• Exercise instructions:
Write each record again exactly as it stands.

• Materials provided:
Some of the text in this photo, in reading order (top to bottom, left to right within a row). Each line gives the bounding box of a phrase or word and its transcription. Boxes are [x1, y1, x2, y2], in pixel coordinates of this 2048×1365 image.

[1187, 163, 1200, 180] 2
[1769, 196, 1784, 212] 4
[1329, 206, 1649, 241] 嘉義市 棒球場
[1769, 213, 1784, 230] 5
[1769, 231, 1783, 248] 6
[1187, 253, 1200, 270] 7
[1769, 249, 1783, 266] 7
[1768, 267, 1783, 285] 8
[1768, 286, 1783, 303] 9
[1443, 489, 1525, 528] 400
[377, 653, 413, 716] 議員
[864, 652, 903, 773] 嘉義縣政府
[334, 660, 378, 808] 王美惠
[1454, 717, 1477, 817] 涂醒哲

• Written answer:
Some of the text in this photo, in reading order (top to bottom, left to right within a row). Each line gives the bounding box of a phrase or word and its transcription. Boxes are [x1, y1, x2, y2], in pixel coordinates of this 2048×1365 image.

[1187, 163, 1200, 180] 2
[1769, 196, 1784, 212] 4
[1329, 206, 1649, 241] 嘉義市 棒球場
[1769, 213, 1784, 230] 5
[1769, 231, 1783, 248] 6
[1187, 253, 1200, 270] 7
[1769, 249, 1783, 266] 7
[1768, 267, 1783, 285] 8
[1768, 286, 1783, 303] 9
[1443, 489, 1525, 528] 400
[377, 653, 413, 716] 議員
[864, 652, 903, 773] 嘉義縣政府
[334, 660, 378, 808] 王美惠
[1454, 717, 1477, 817] 涂醒哲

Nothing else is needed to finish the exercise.